_Work instruction_.
The answer must be an exact copy of the records, with every picture left out.
(The data)
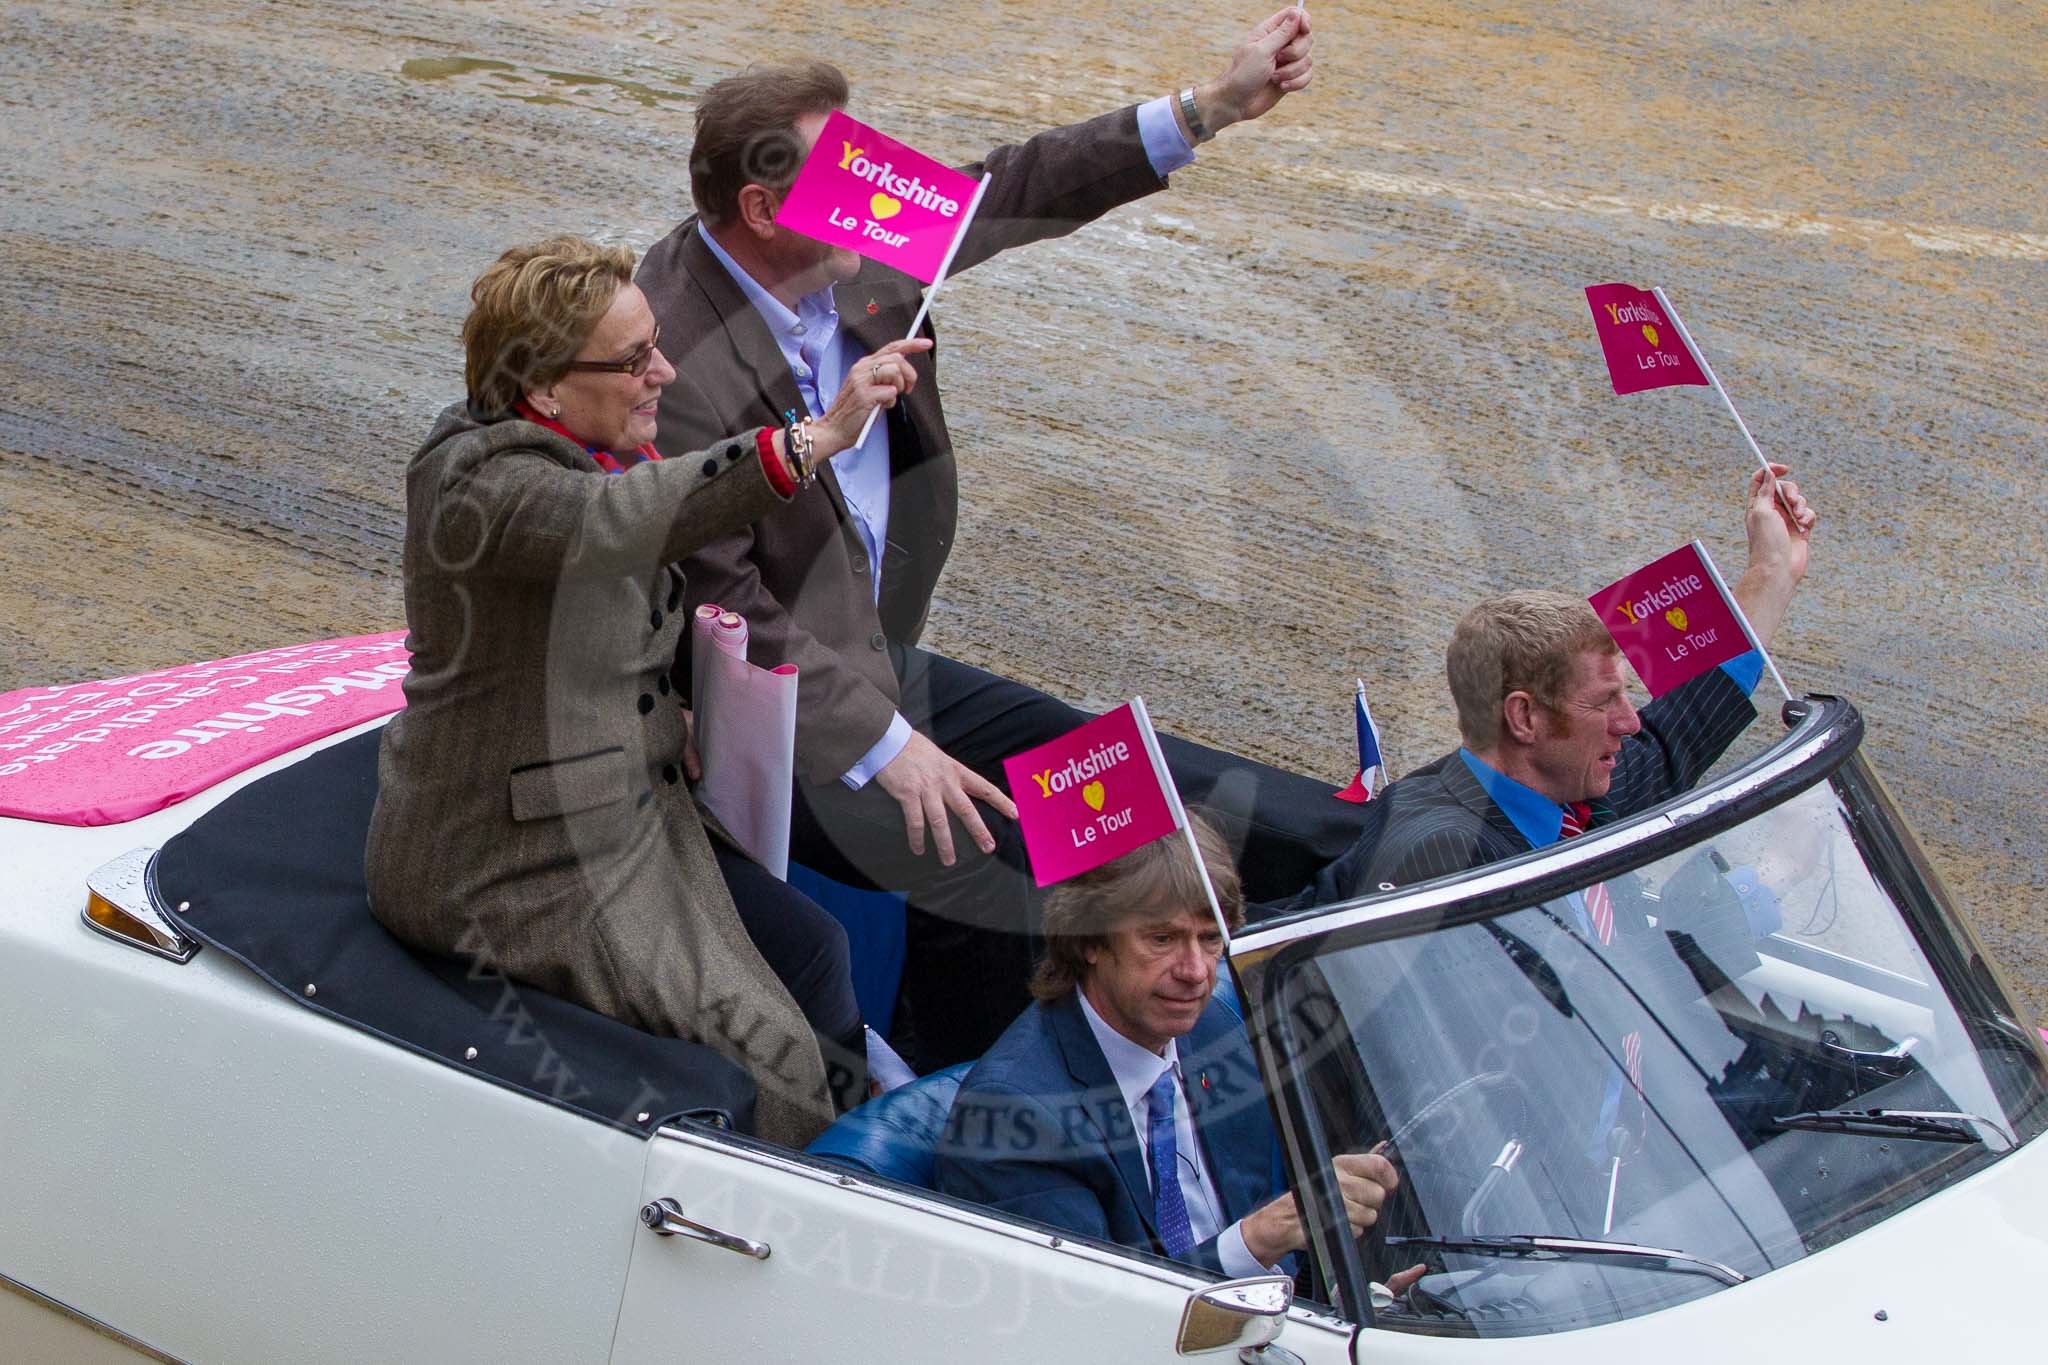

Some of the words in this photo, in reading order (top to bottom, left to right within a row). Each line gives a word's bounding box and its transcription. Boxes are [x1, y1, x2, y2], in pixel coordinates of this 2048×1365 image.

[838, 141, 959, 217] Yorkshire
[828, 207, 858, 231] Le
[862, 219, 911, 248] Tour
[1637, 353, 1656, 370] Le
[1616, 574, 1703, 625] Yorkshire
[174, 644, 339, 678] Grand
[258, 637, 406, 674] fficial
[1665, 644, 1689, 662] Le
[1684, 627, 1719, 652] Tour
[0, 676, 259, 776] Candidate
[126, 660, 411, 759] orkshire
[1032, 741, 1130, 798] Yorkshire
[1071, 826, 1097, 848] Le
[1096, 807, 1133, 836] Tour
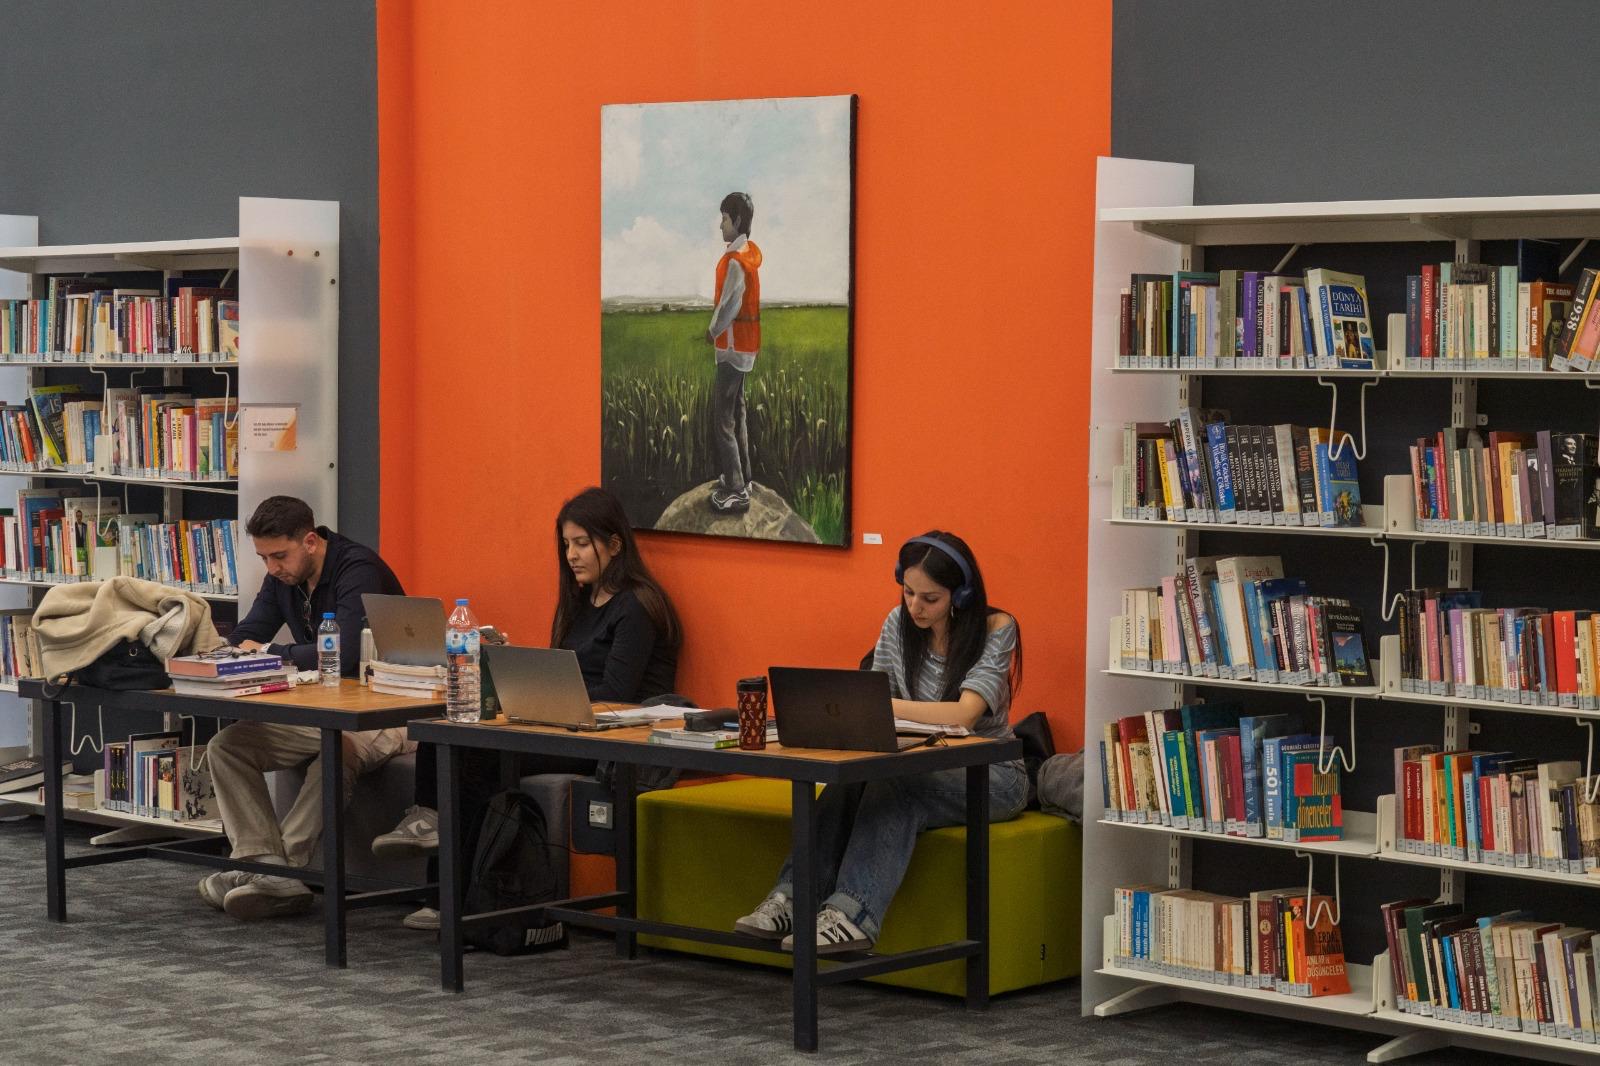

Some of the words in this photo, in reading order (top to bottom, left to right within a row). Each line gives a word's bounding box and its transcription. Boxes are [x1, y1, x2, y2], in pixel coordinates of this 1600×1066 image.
(End The data)
_Result_.
Some of the words in this photo, in reading order (top to bottom, left to right within a row). Each line gives a word's bounding box and its transcription. Boxes are [x1, y1, x2, y2], in pixel coordinates of this 2048×1365 image.

[838, 141, 959, 217] Yorkshire
[828, 207, 858, 231] Le
[862, 219, 911, 248] Tour
[1637, 353, 1656, 370] Le
[1616, 574, 1703, 625] Yorkshire
[174, 644, 339, 678] Grand
[258, 637, 406, 674] fficial
[1665, 644, 1689, 662] Le
[1684, 627, 1719, 652] Tour
[0, 676, 259, 776] Candidate
[126, 660, 411, 759] orkshire
[1032, 741, 1130, 798] Yorkshire
[1071, 826, 1097, 848] Le
[1096, 807, 1133, 836] Tour

Some of the words in this photo, in reading order (top to bottom, left to right within a row). Each line gives a word's bounding box and its transcription. Boxes are [x1, y1, x2, y2], in pixel coordinates of this 1600×1066 image.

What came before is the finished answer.